We Are the Children of the Stars Read online

Page 6


  In 1956, a new green area about the size of Texas was observed. It was located in an area that had shown only reddish desert hues before.

  It is not surprising that, when a U.S. scientist undertook to grow lichen, it was in a partial vacuum that simulated, as nearly as possible, the conditions and gases that are understood to exist on Mars. The lichen grew and prospered.

  The astounding conditions under which this lichen grew should be examined.6 The temperature ranged from approximately minus 100°F to plus 80°F, and the pressure was approximately 0.75 pounds per square inch. (The pressure on Earth's surface is about 14.7 pounds per square inch.) The only moisture was vapor in the form of dew. The oxygen was very low – so low that Man would die in it.

  Yet this lichen grew and seemed to thrive.

  There is a most happy agreement between the spectroscopic observations that indicate there are lichen-like plant growths in the green areas of Mars, and the astounding ability of Earth lichen to grow in a simulated Martian atmosphere.

  Now, how does this information apply to the Earth-colony theory? In this way: It might well be that when the starmen first came to the solar system, ages ago, Mars had more atmosphere and water, thus offering them a liveable colony-world.

  Or Mars may simply have been used as a convenient base of operations for the starmen in making visits to nearby Earth during their grand experiment in creating Hybrid Man. Either possibility is valid.

  If Mars was their base in the past, it still may be that today. This would account for the continued phenomenon of probable green-lichen crops sprouting each year and spreading widely over the planet, and particularly for the surprising new areas that suddenly turn green for the first time.

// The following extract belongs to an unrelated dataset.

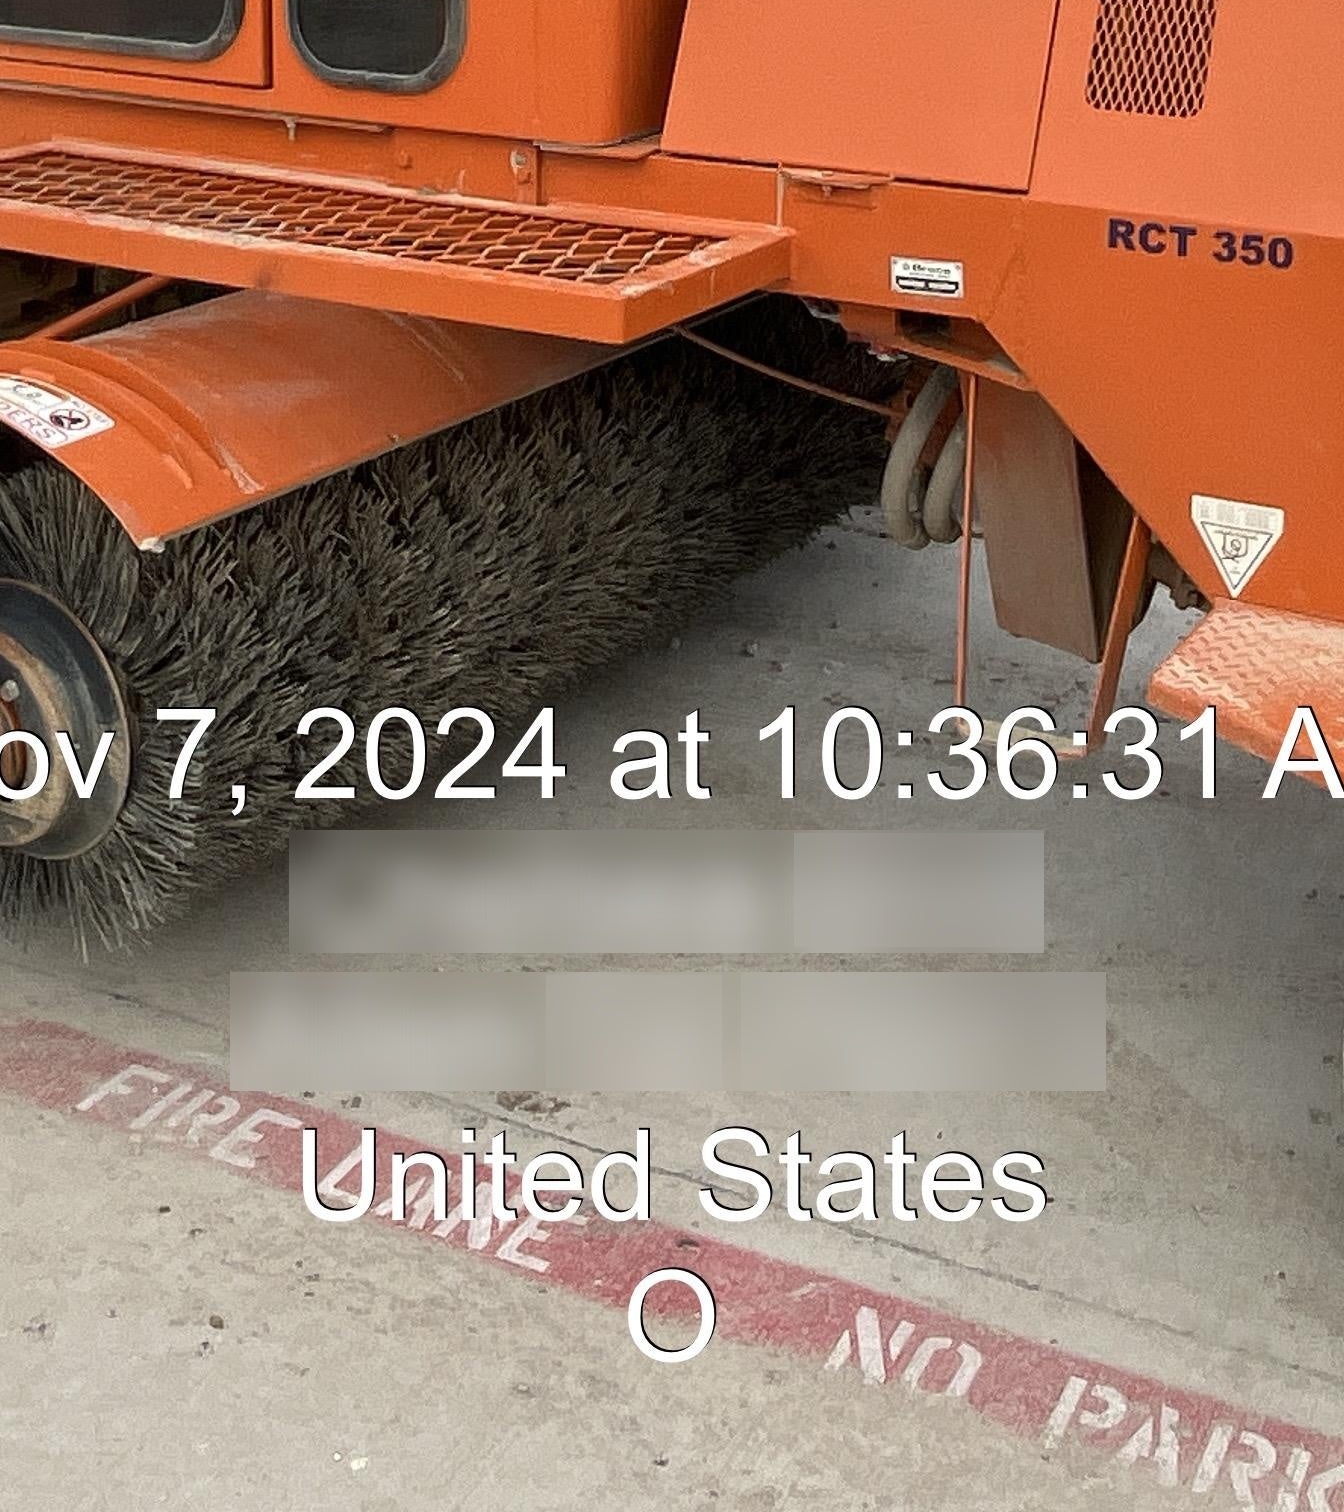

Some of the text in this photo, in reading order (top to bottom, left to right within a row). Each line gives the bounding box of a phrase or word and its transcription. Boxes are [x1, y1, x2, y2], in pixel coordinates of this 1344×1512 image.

[1108, 217, 1294, 270] RCT 350
[76, 1064, 304, 1170] FIRE
[822, 1304, 982, 1397] NO
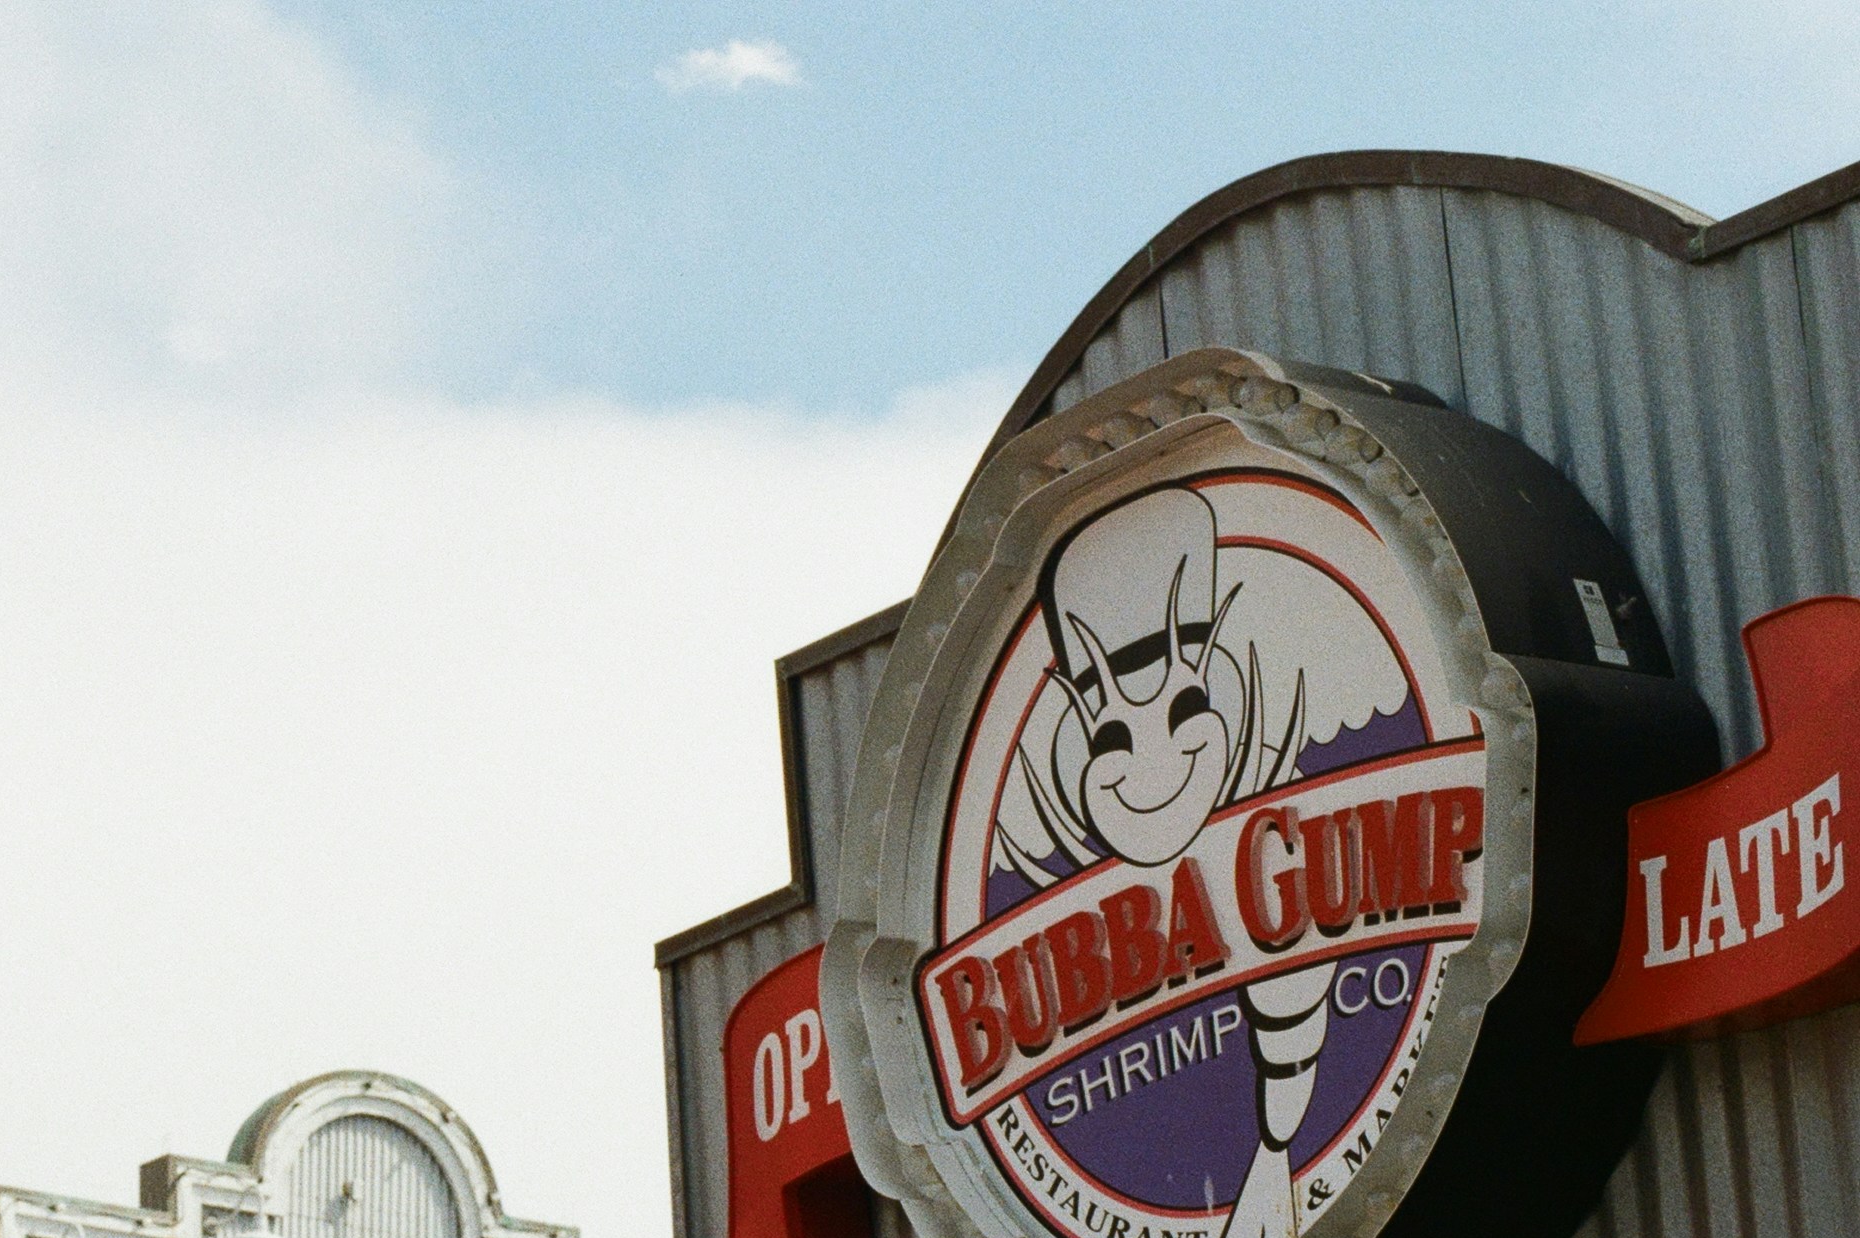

  It is unlikely that natural vegetation would so successfully encroach into territory that had apparently been arid and lifeless before. It is far easier to think of starmen agriculturists using advanced techniques to prepare the soil, furnish irrigation, and increase their edible acreage as needed.

  We might also mention briefly, just for the record, that there seems to be a correlation between the oppositions of Mars to Earth (nearest approach) every twenty-six months, and the increased numbers of UFOs sighted around the world.

  Second, strange radio-signals seem to be periodically picked up from Mars, according to claims that are unsubstantiated or, at least, rejected by scientists. Still, such famous electrical wizards as Tesla and Marconi firmly believed they had tuned in alien radiomessages from Mars.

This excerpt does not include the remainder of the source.